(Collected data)
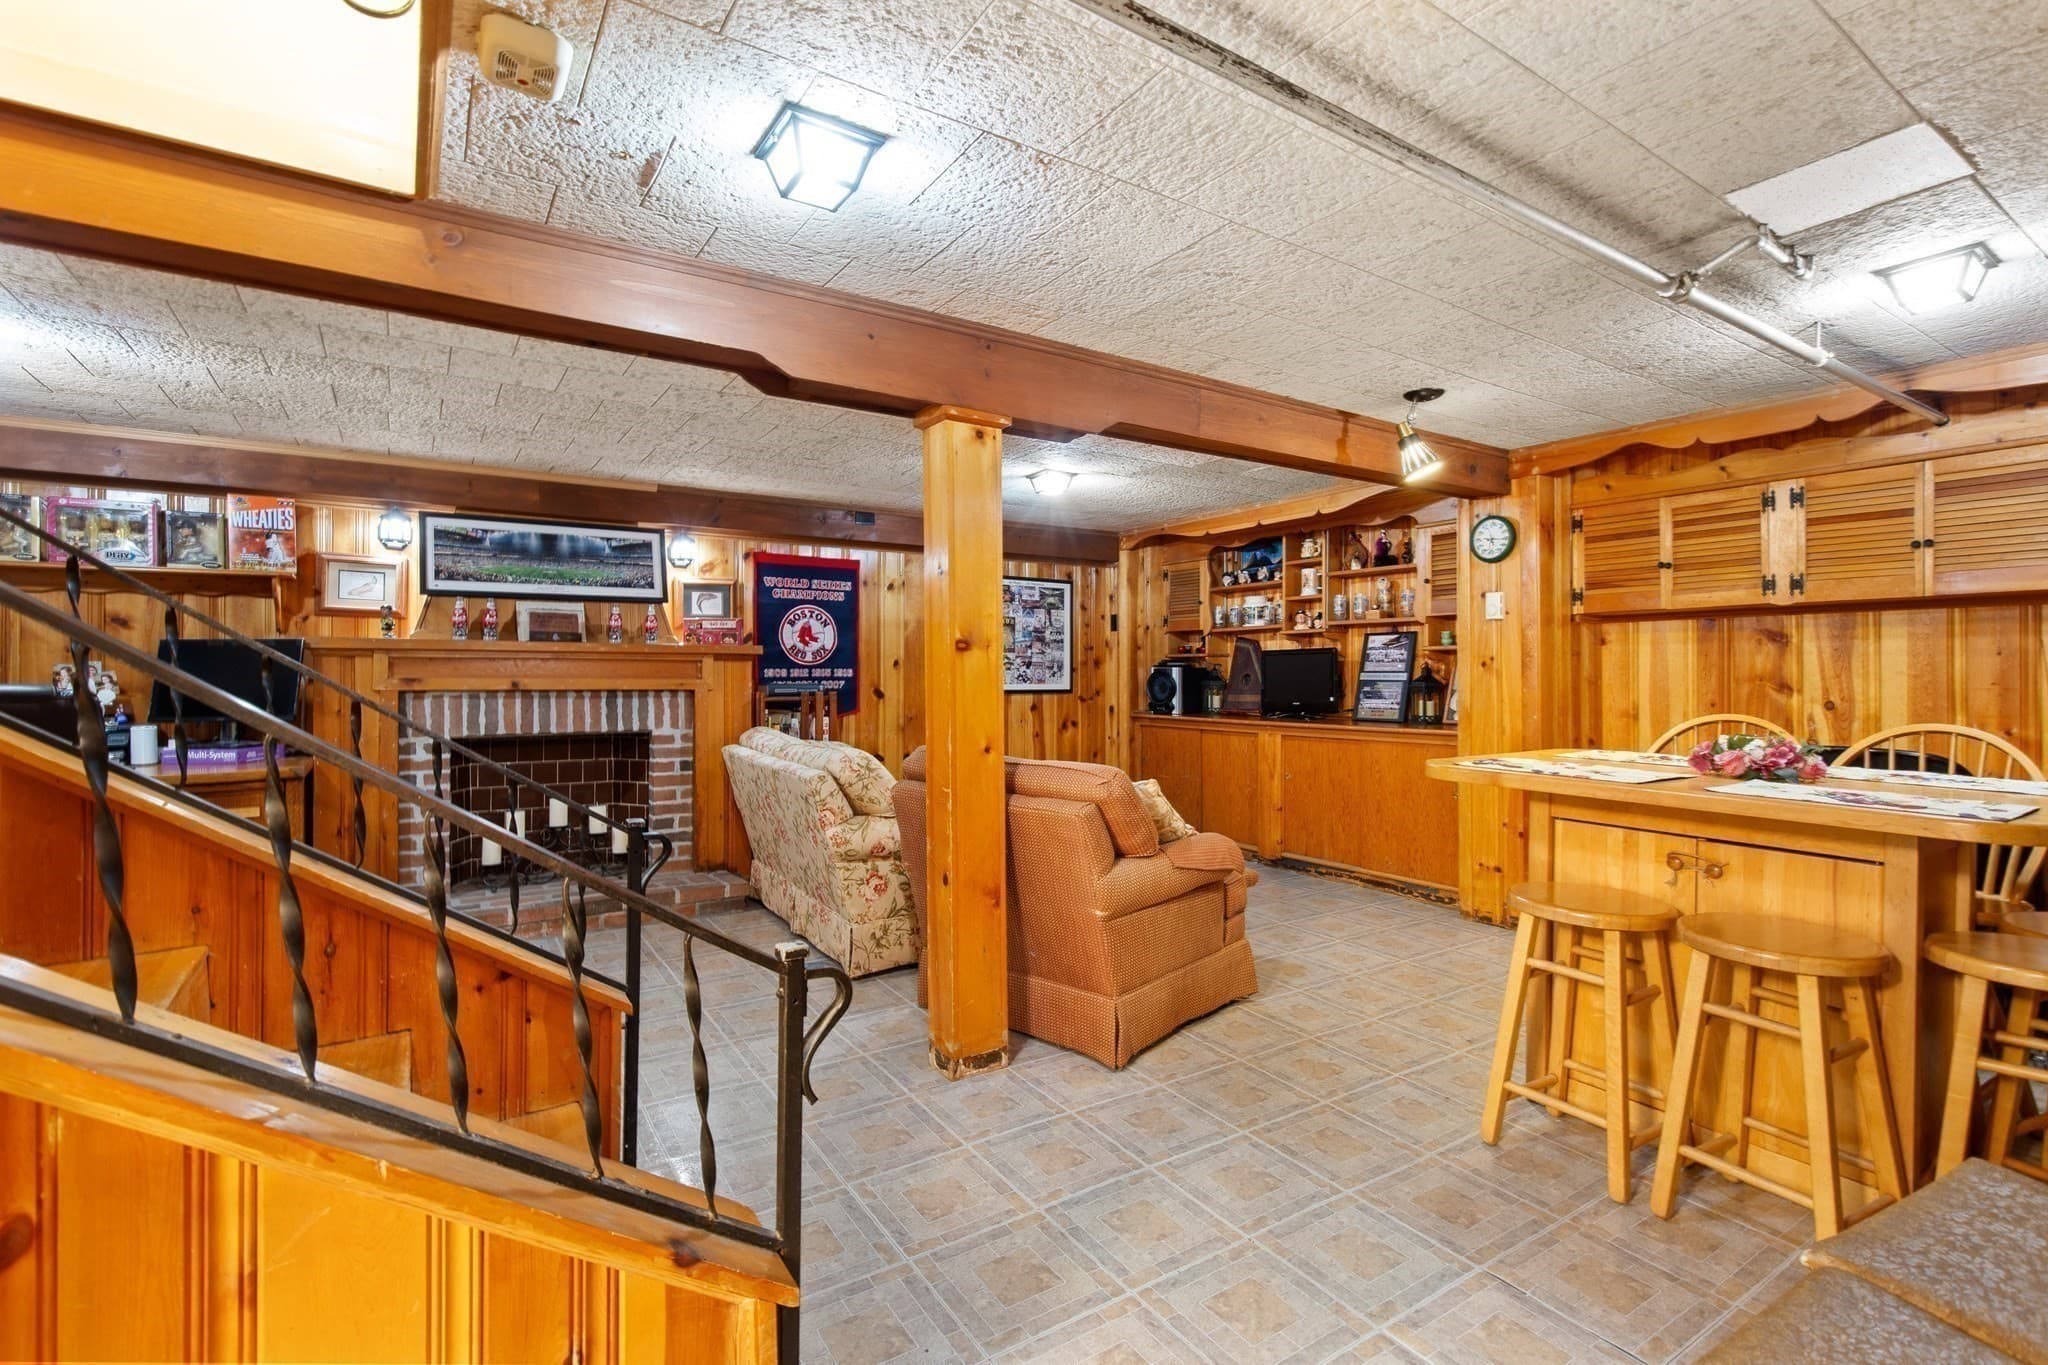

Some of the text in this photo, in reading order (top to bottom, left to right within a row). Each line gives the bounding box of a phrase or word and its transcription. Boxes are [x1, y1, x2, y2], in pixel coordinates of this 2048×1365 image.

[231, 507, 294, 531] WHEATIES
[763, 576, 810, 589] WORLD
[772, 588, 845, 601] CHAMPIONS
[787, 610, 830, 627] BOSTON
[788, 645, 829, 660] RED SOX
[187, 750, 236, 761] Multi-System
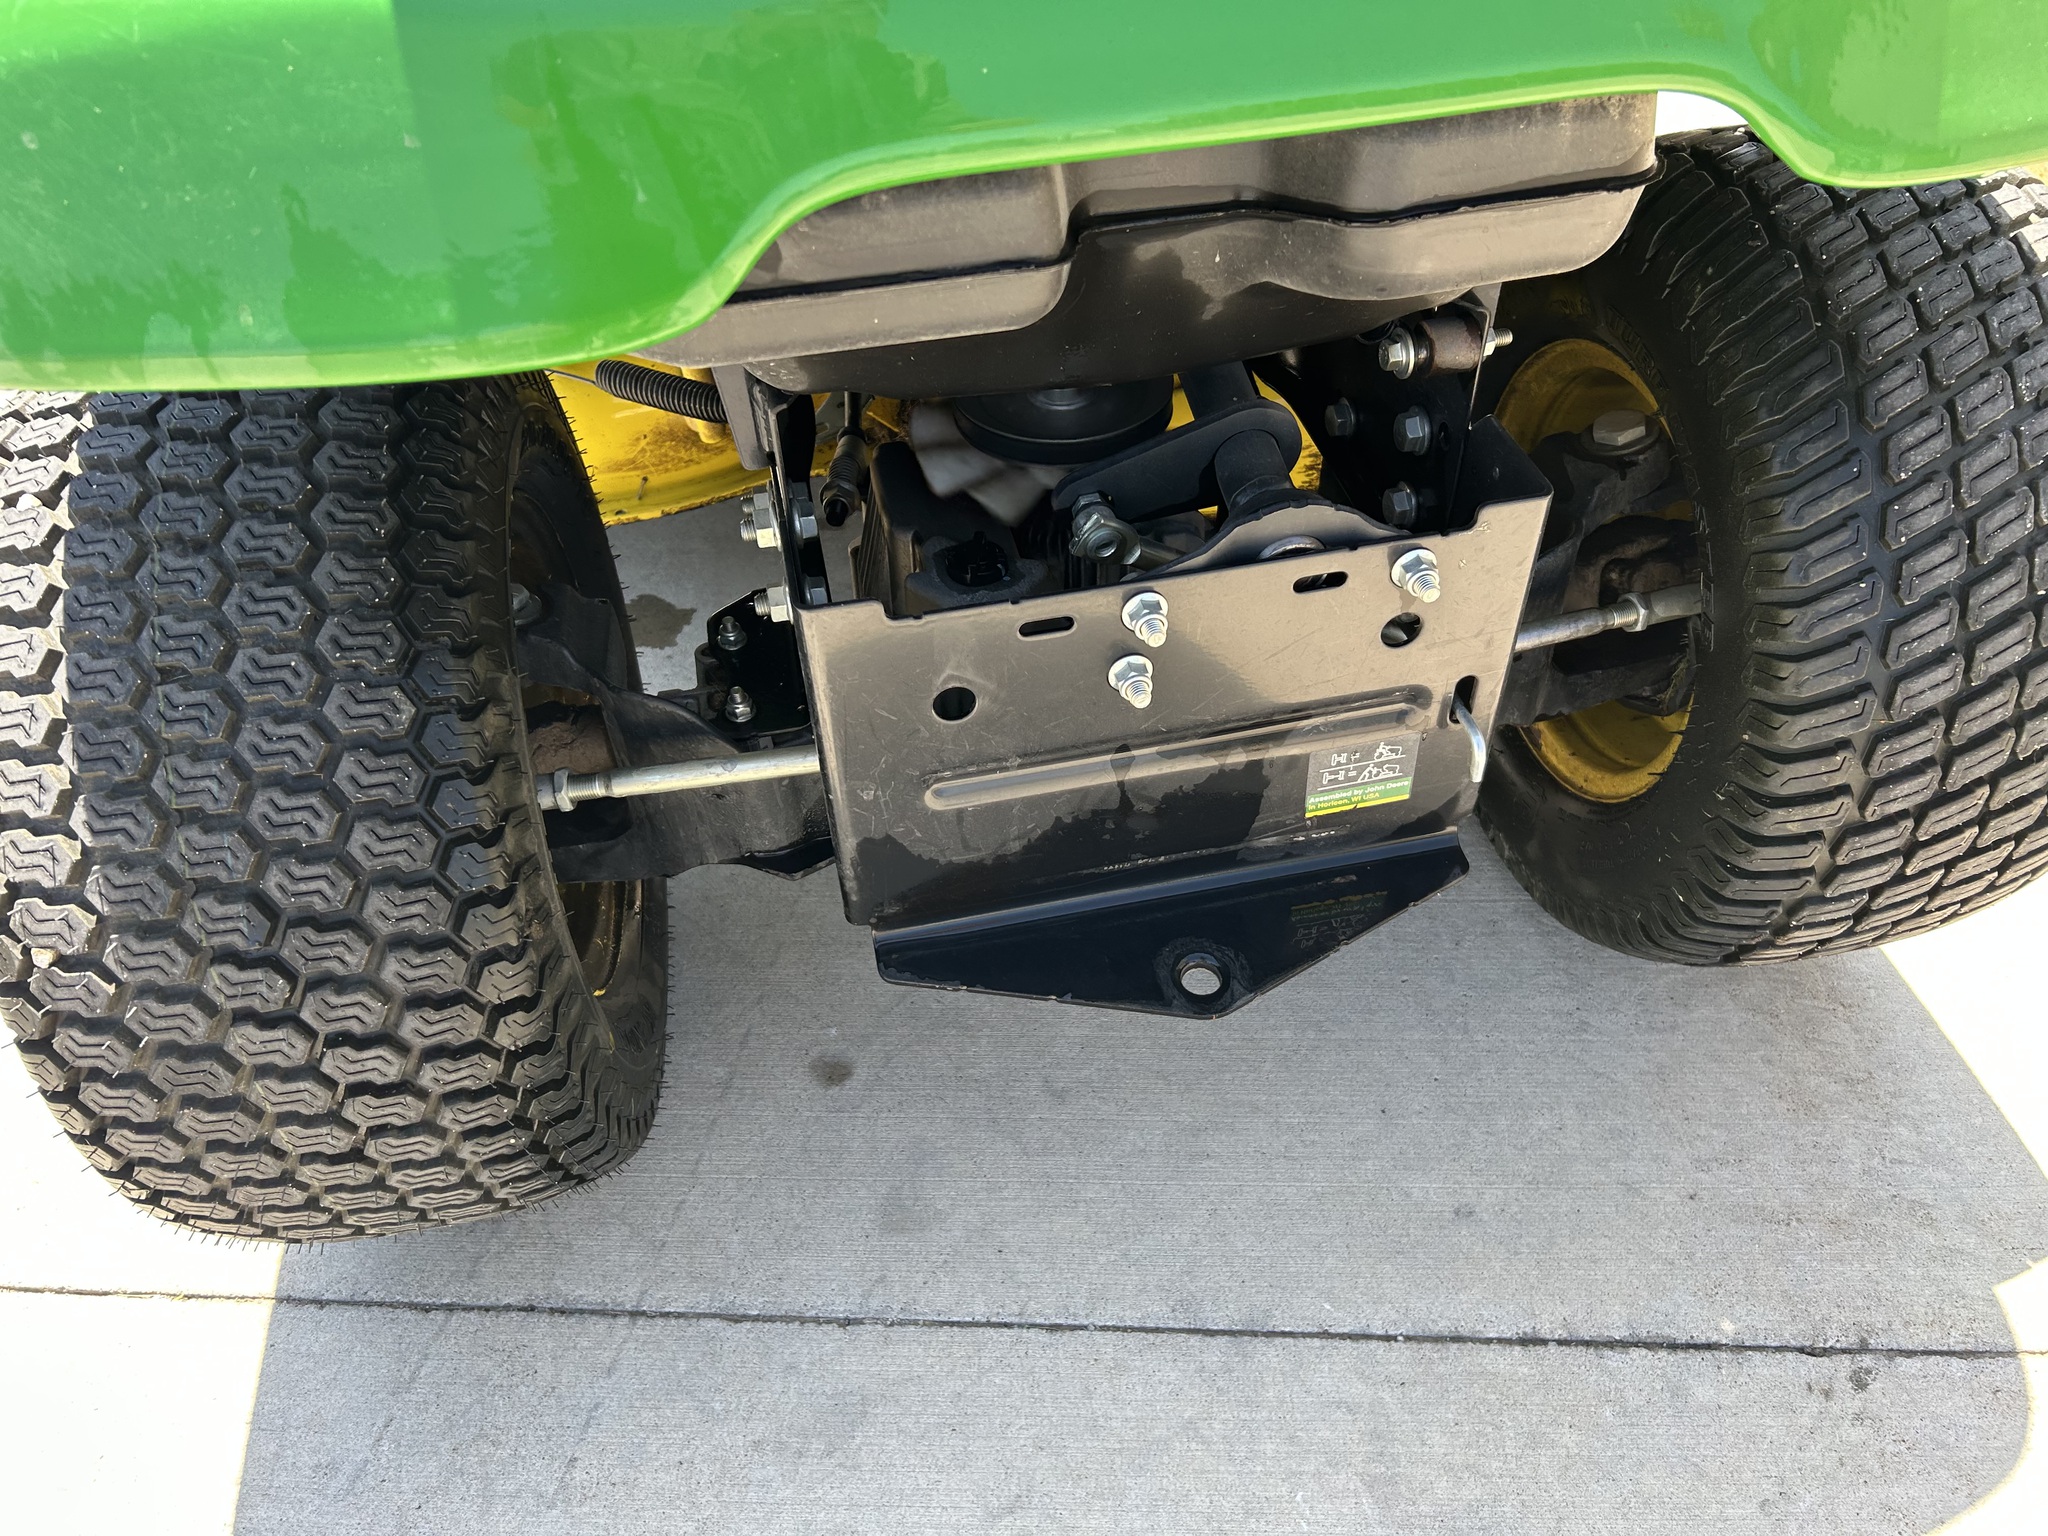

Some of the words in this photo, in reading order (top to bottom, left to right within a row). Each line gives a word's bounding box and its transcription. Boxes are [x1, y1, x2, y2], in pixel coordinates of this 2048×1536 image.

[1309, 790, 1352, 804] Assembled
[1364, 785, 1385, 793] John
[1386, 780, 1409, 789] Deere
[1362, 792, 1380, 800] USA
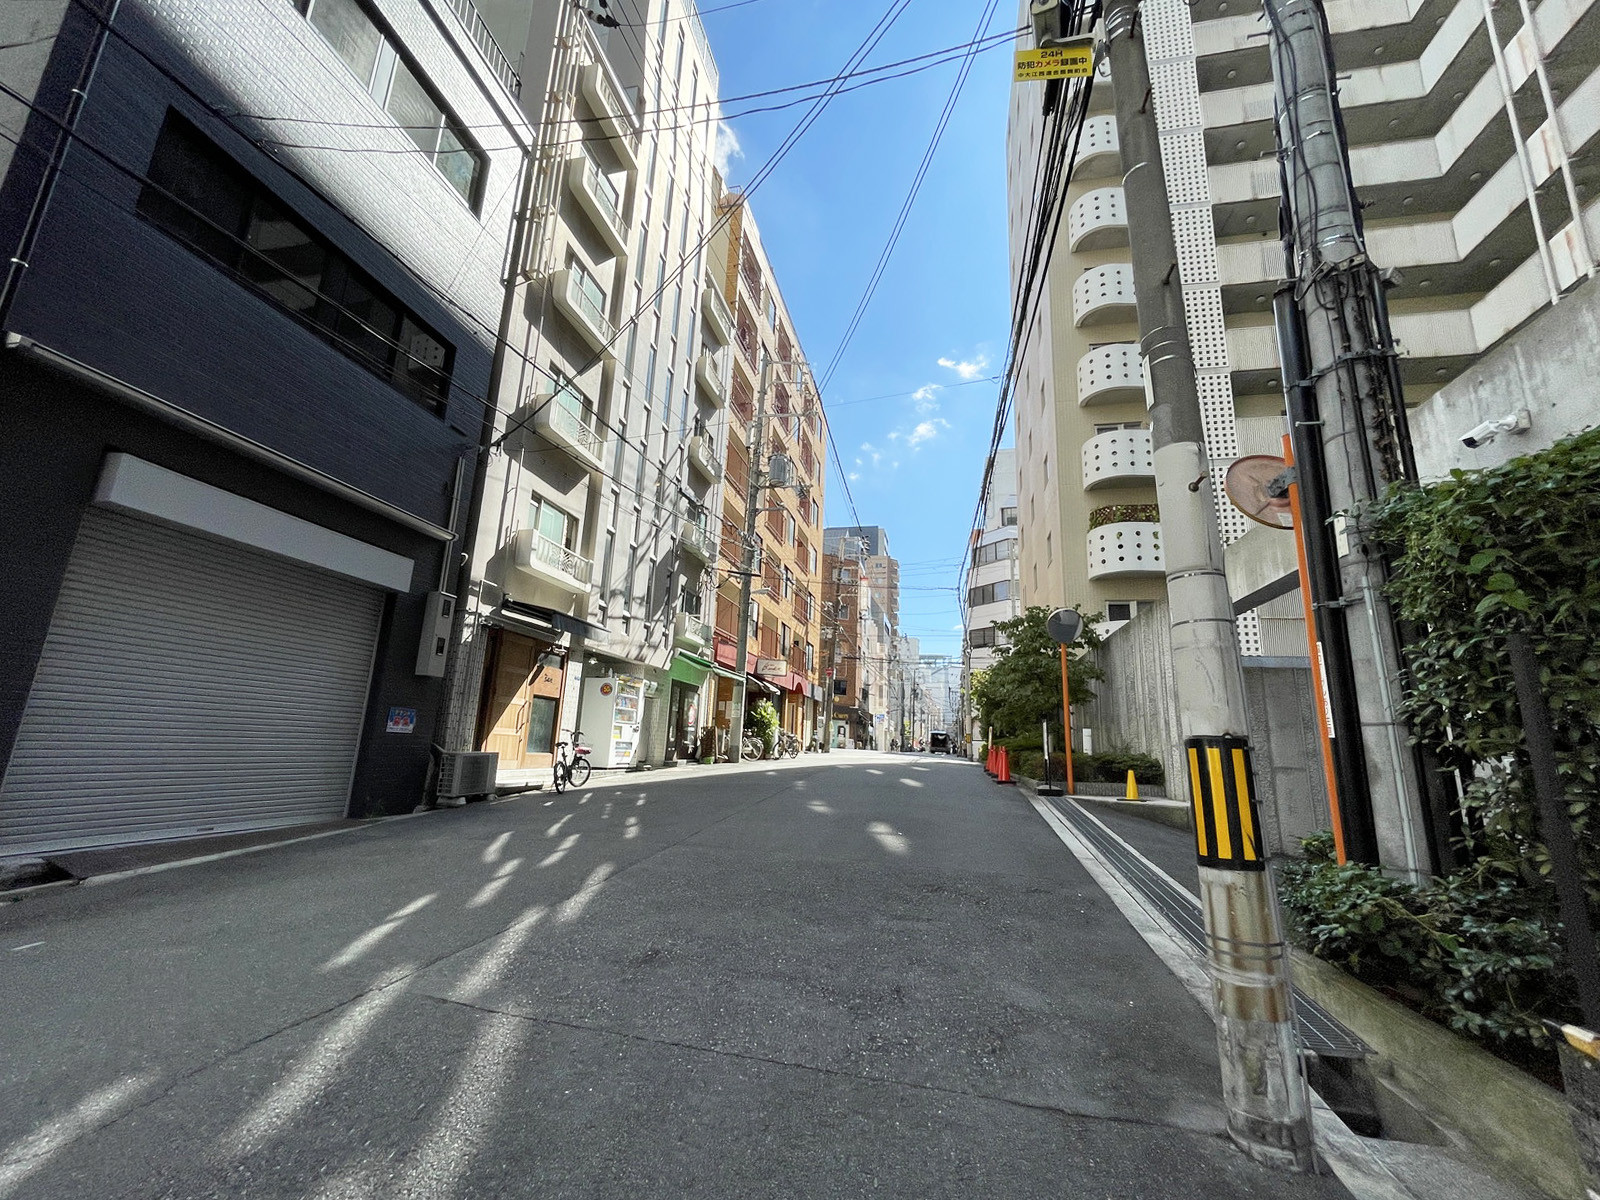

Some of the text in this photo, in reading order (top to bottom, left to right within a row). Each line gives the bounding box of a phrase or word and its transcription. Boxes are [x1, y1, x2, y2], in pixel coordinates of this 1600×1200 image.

## WORK INSTRUCTIONS
Leave out the pictures and retype every line above exactly.

## ANSWER SECTION
Some of the text in this photo, in reading order (top to bottom, left to right within a row). Each line gives the bounding box of a phrase or word and its transcription. Boxes are [x1, y1, x2, y2], in pixel coordinates of this 2048×1365 image.

[231, 507, 294, 531] WHEATIES
[763, 576, 810, 589] WORLD
[772, 588, 845, 601] CHAMPIONS
[787, 610, 830, 627] BOSTON
[788, 645, 829, 660] RED SOX
[187, 750, 236, 761] Multi-System

Some of the words in this photo, in reading order (top to bottom, left to right within a row). Each line gives a word's bounding box and its transcription. Boxes are [x1, y1, x2, y2], in pixel coordinates of this 2048×1536 image.

[1309, 790, 1352, 804] Assembled
[1364, 785, 1385, 793] John
[1386, 780, 1409, 789] Deere
[1362, 792, 1380, 800] USA

Some of the text in this photo, in reading order (top to bottom, left to right within a row). Each line gives the bounding box of a phrase or word and its transcription. Boxes are [x1, y1, x2, y2], in pixel coordinates of this 1600×1200 image.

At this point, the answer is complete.